Assigned task: Your answer must be an exact copy of the records below, with no pictures in it.

Material provided:
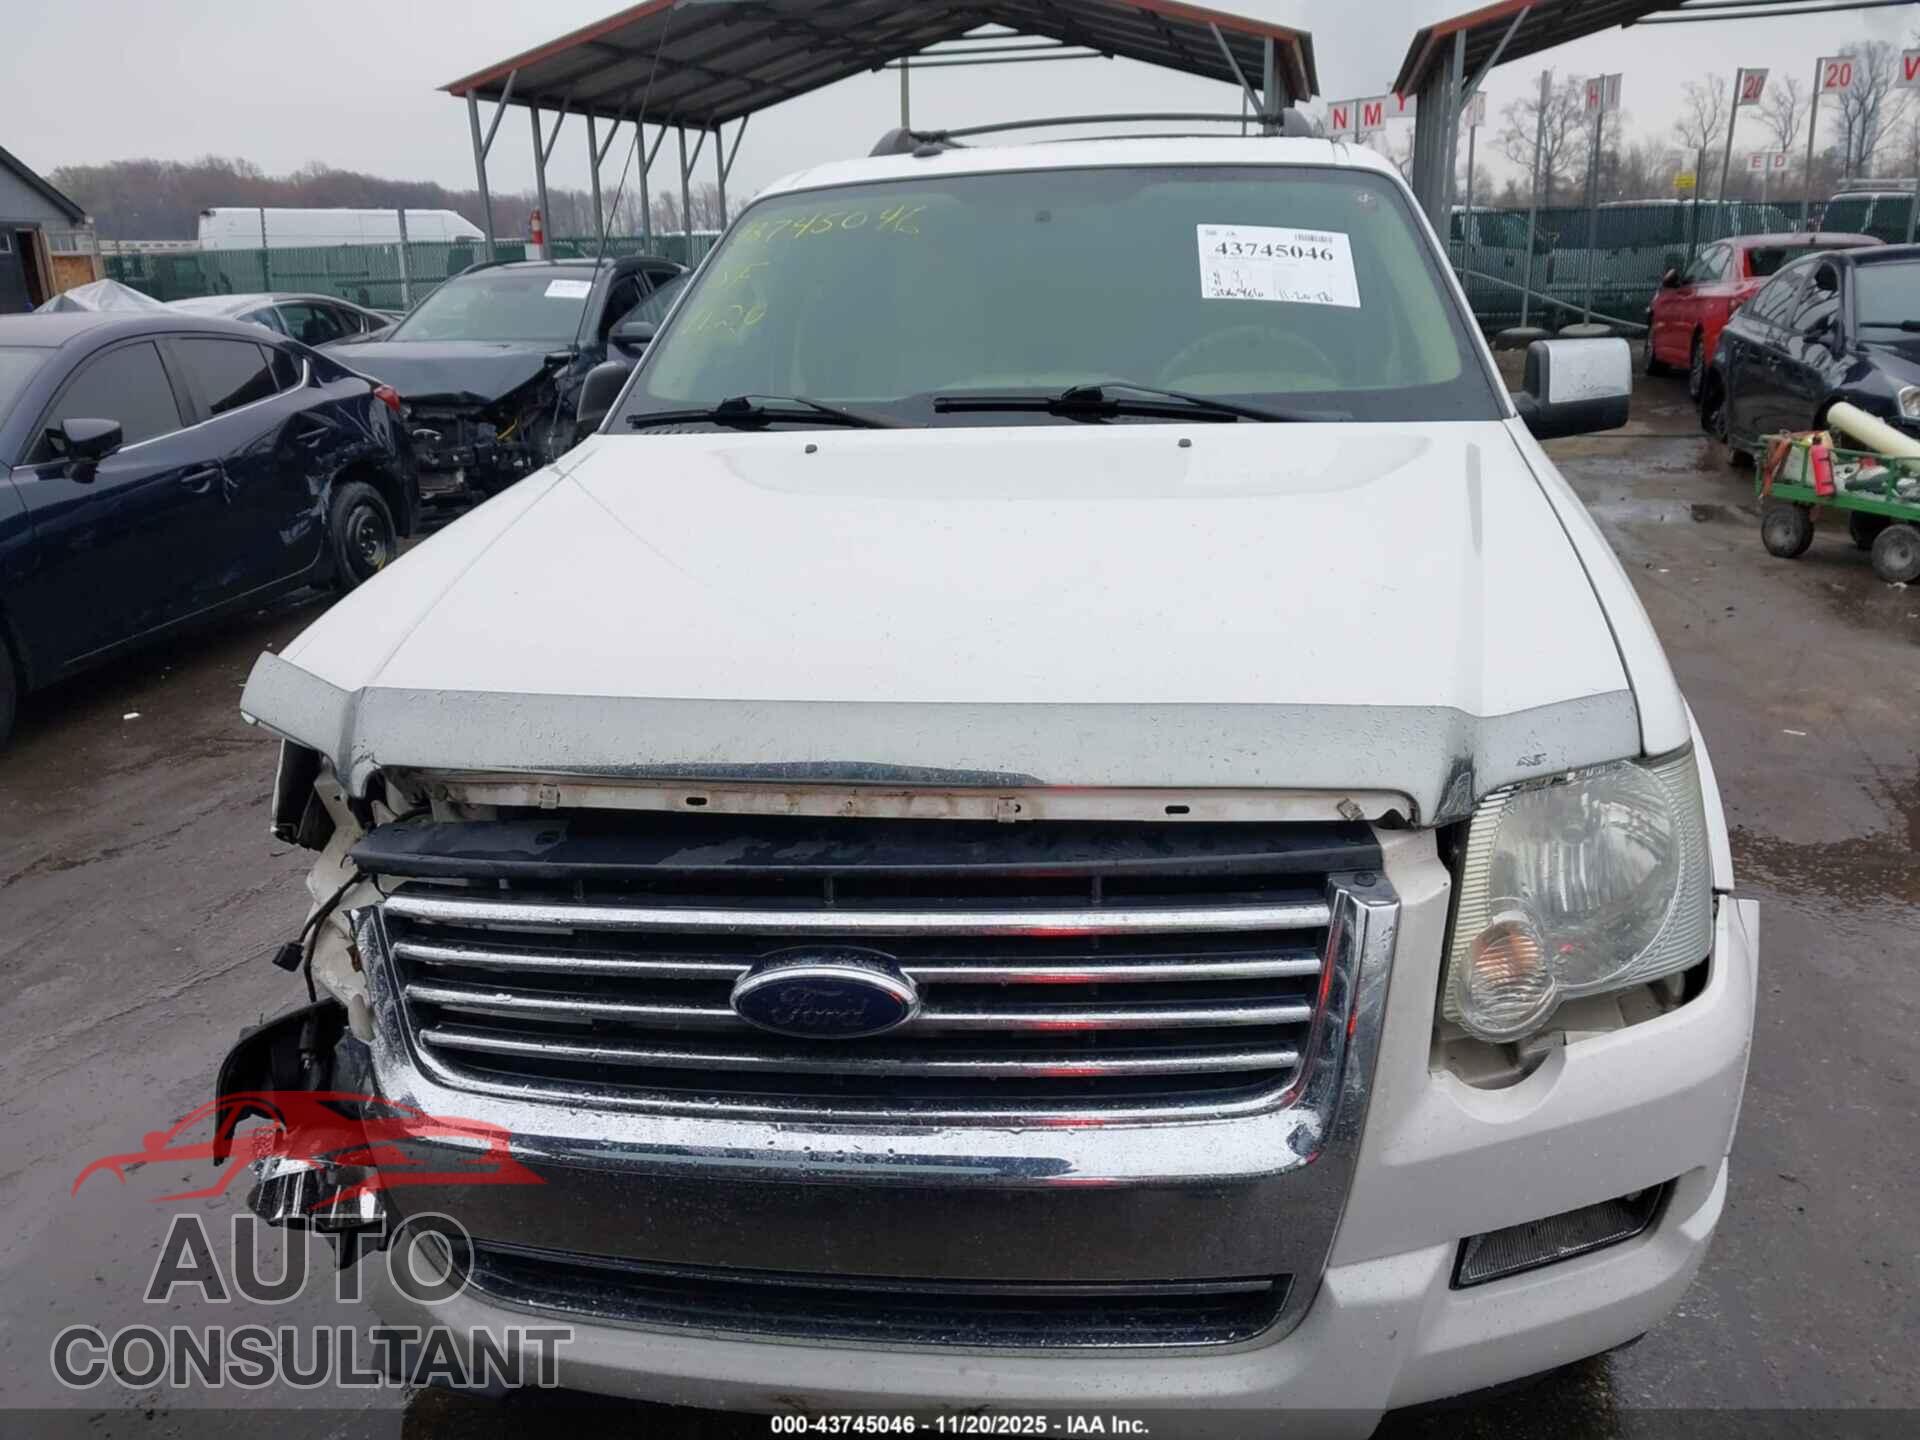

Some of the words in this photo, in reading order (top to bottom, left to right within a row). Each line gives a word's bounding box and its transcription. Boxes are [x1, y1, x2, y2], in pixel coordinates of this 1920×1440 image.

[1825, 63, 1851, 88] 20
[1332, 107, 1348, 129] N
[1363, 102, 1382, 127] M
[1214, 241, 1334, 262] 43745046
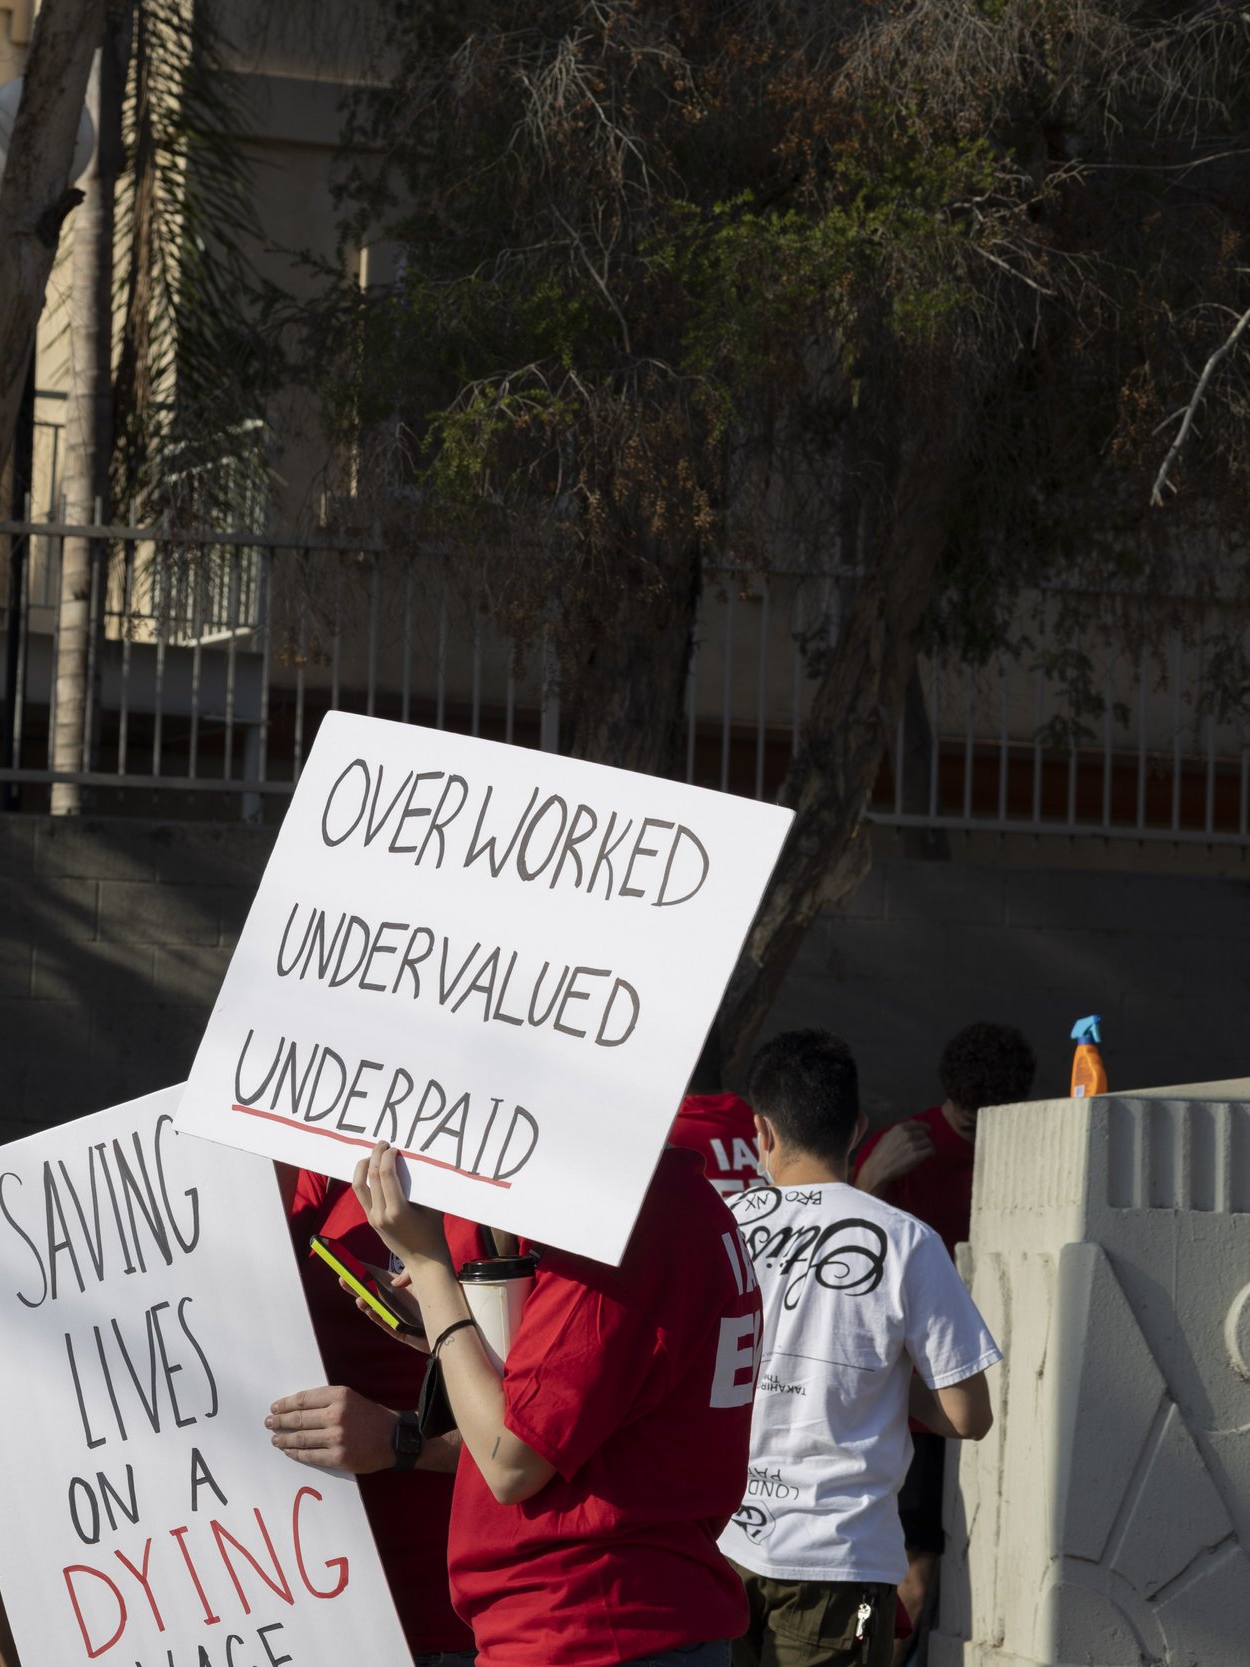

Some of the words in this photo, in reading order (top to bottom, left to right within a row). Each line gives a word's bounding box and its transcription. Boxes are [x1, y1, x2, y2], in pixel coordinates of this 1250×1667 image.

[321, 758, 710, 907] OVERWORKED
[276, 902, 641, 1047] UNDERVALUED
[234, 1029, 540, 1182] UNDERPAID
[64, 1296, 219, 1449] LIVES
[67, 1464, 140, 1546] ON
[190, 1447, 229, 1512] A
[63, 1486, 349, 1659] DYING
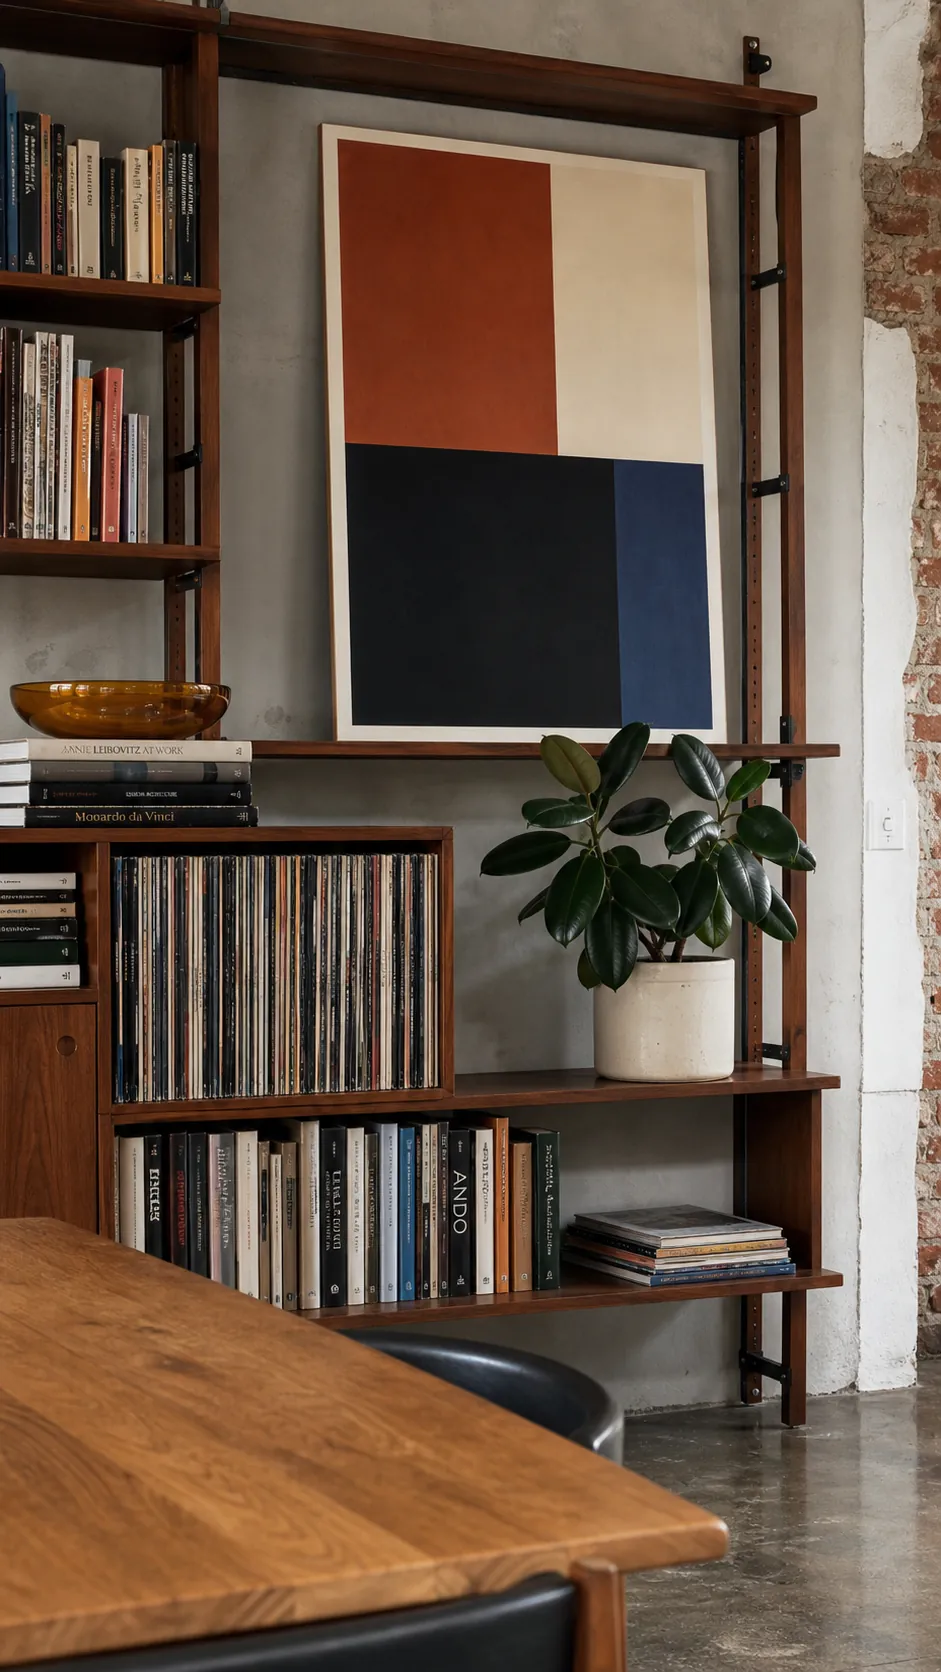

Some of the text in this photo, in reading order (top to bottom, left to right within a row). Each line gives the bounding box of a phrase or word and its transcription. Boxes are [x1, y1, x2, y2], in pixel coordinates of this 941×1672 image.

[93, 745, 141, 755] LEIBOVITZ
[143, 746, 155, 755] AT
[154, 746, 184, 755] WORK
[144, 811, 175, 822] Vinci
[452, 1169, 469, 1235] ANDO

Output for this task:
Some of the words in this photo, in reading order (top to bottom, left to right within a row). Each line gives a word's bounding box and its transcription. Boxes are [x1, y1, x2, y2], in pixel coordinates of this 1920×1440 image.

[1825, 63, 1851, 88] 20
[1332, 107, 1348, 129] N
[1363, 102, 1382, 127] M
[1214, 241, 1334, 262] 43745046

Some of the words in this photo, in reading order (top to bottom, left to right within a row). Each line gives a word's bounding box and its transcription. Boxes are [x1, y1, x2, y2], in pixel coordinates of this 1250×1667 image.

[321, 758, 710, 907] OVERWORKED
[276, 902, 641, 1047] UNDERVALUED
[234, 1029, 540, 1182] UNDERPAID
[64, 1296, 219, 1449] LIVES
[67, 1464, 140, 1546] ON
[190, 1447, 229, 1512] A
[63, 1486, 349, 1659] DYING

Some of the text in this photo, in reading order (top to bottom, left to right within a row). Each line gives the bounding box of a phrase or word and its transcription. Boxes are [x1, y1, x2, y2], in pixel coordinates of this 941×1672 image.

[93, 745, 141, 755] LEIBOVITZ
[143, 746, 155, 755] AT
[154, 746, 184, 755] WORK
[144, 811, 175, 822] Vinci
[452, 1169, 469, 1235] ANDO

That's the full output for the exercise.